Every entry that follows needs to be repeated exactly.

◆ Recorded information:
------------

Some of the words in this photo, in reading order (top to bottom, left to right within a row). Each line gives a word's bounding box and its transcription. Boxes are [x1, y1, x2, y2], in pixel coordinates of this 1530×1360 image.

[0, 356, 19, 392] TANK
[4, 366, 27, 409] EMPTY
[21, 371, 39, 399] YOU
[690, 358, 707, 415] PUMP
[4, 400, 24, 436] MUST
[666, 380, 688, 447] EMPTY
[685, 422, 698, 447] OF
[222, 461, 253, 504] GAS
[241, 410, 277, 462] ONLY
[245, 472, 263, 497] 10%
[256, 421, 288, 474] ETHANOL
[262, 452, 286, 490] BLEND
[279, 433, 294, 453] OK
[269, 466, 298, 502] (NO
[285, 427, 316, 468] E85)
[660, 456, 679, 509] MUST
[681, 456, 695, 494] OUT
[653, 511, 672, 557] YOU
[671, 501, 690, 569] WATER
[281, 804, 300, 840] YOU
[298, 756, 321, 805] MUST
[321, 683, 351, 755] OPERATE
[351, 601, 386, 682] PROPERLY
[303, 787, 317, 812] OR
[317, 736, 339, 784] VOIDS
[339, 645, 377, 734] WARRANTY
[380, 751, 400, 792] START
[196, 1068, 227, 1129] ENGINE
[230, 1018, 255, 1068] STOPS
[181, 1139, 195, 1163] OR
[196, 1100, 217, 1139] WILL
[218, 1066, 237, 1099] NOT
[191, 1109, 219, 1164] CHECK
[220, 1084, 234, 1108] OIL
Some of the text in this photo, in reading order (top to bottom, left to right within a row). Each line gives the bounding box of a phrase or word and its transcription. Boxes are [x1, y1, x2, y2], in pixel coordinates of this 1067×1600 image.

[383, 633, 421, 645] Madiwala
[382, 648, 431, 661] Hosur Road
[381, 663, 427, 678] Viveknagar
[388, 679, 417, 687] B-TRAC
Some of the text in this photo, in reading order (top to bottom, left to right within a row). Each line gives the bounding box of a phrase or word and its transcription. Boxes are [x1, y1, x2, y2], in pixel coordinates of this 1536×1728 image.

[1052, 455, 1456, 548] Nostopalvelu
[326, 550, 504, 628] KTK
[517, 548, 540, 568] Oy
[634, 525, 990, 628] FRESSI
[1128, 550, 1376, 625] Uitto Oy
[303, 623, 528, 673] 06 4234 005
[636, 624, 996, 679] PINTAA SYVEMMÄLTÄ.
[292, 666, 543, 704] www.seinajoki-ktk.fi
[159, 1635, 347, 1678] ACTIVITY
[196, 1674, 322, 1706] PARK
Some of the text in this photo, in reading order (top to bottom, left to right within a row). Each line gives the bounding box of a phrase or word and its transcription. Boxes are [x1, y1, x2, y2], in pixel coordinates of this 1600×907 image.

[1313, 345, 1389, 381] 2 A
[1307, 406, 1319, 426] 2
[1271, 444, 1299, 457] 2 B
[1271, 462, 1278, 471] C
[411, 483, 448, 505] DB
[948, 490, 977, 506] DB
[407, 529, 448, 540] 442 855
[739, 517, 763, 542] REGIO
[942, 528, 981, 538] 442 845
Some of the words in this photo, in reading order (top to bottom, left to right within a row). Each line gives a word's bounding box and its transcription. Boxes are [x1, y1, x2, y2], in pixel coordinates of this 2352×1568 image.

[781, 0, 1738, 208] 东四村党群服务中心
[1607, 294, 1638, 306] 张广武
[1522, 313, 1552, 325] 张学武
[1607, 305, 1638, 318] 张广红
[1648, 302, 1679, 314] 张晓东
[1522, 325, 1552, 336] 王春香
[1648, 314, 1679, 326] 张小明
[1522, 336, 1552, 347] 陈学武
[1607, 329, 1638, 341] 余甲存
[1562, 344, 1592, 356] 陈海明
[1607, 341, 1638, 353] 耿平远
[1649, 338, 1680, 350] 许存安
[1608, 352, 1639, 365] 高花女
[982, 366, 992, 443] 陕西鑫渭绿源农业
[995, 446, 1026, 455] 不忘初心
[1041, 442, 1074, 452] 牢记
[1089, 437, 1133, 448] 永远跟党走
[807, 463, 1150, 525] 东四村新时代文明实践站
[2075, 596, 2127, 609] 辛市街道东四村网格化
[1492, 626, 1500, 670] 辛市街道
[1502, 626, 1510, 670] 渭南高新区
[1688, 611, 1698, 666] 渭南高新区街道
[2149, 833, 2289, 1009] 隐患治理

------------

◆ Response for this exercise:
Some of the words in this photo, in reading order (top to bottom, left to right within a row). Each line gives a word's bounding box and its transcription. Boxes are [x1, y1, x2, y2], in pixel coordinates of this 1530×1360 image.

[0, 356, 19, 392] TANK
[4, 366, 27, 409] EMPTY
[21, 371, 39, 399] YOU
[690, 358, 707, 415] PUMP
[4, 400, 24, 436] MUST
[666, 380, 688, 447] EMPTY
[685, 422, 698, 447] OF
[222, 461, 253, 504] GAS
[241, 410, 277, 462] ONLY
[245, 472, 263, 497] 10%
[256, 421, 288, 474] ETHANOL
[262, 452, 286, 490] BLEND
[279, 433, 294, 453] OK
[269, 466, 298, 502] (NO
[285, 427, 316, 468] E85)
[660, 456, 679, 509] MUST
[681, 456, 695, 494] OUT
[653, 511, 672, 557] YOU
[671, 501, 690, 569] WATER
[281, 804, 300, 840] YOU
[298, 756, 321, 805] MUST
[321, 683, 351, 755] OPERATE
[351, 601, 386, 682] PROPERLY
[303, 787, 317, 812] OR
[317, 736, 339, 784] VOIDS
[339, 645, 377, 734] WARRANTY
[380, 751, 400, 792] START
[196, 1068, 227, 1129] ENGINE
[230, 1018, 255, 1068] STOPS
[181, 1139, 195, 1163] OR
[196, 1100, 217, 1139] WILL
[218, 1066, 237, 1099] NOT
[191, 1109, 219, 1164] CHECK
[220, 1084, 234, 1108] OIL
Some of the text in this photo, in reading order (top to bottom, left to right within a row). Each line gives the bounding box of a phrase or word and its transcription. Boxes are [x1, y1, x2, y2], in pixel coordinates of this 1067×1600 image.

[383, 633, 421, 645] Madiwala
[382, 648, 431, 661] Hosur Road
[381, 663, 427, 678] Viveknagar
[388, 679, 417, 687] B-TRAC
Some of the text in this photo, in reading order (top to bottom, left to right within a row). Each line gives the bounding box of a phrase or word and its transcription. Boxes are [x1, y1, x2, y2], in pixel coordinates of this 1536×1728 image.

[1052, 455, 1456, 548] Nostopalvelu
[326, 550, 504, 628] KTK
[517, 548, 540, 568] Oy
[634, 525, 990, 628] FRESSI
[1128, 550, 1376, 625] Uitto Oy
[303, 623, 528, 673] 06 4234 005
[636, 624, 996, 679] PINTAA SYVEMMÄLTÄ.
[292, 666, 543, 704] www.seinajoki-ktk.fi
[159, 1635, 347, 1678] ACTIVITY
[196, 1674, 322, 1706] PARK
Some of the text in this photo, in reading order (top to bottom, left to right within a row). Each line gives the bounding box of a phrase or word and its transcription. Boxes are [x1, y1, x2, y2], in pixel coordinates of this 1600×907 image.

[1313, 345, 1389, 381] 2 A
[1307, 406, 1319, 426] 2
[1271, 444, 1299, 457] 2 B
[1271, 462, 1278, 471] C
[411, 483, 448, 505] DB
[948, 490, 977, 506] DB
[407, 529, 448, 540] 442 855
[739, 517, 763, 542] REGIO
[942, 528, 981, 538] 442 845
Some of the words in this photo, in reading order (top to bottom, left to right within a row). Each line gives a word's bounding box and its transcription. Boxes are [x1, y1, x2, y2], in pixel coordinates of this 2352×1568 image.

[781, 0, 1738, 208] 东四村党群服务中心
[1607, 294, 1638, 306] 张广武
[1522, 313, 1552, 325] 张学武
[1607, 305, 1638, 318] 张广红
[1648, 302, 1679, 314] 张晓东
[1522, 325, 1552, 336] 王春香
[1648, 314, 1679, 326] 张小明
[1522, 336, 1552, 347] 陈学武
[1607, 329, 1638, 341] 余甲存
[1562, 344, 1592, 356] 陈海明
[1607, 341, 1638, 353] 耿平远
[1649, 338, 1680, 350] 许存安
[1608, 352, 1639, 365] 高花女
[982, 366, 992, 443] 陕西鑫渭绿源农业
[995, 446, 1026, 455] 不忘初心
[1041, 442, 1074, 452] 牢记
[1089, 437, 1133, 448] 永远跟党走
[807, 463, 1150, 525] 东四村新时代文明实践站
[2075, 596, 2127, 609] 辛市街道东四村网格化
[1492, 626, 1500, 670] 辛市街道
[1502, 626, 1510, 670] 渭南高新区
[1688, 611, 1698, 666] 渭南高新区街道
[2149, 833, 2289, 1009] 隐患治理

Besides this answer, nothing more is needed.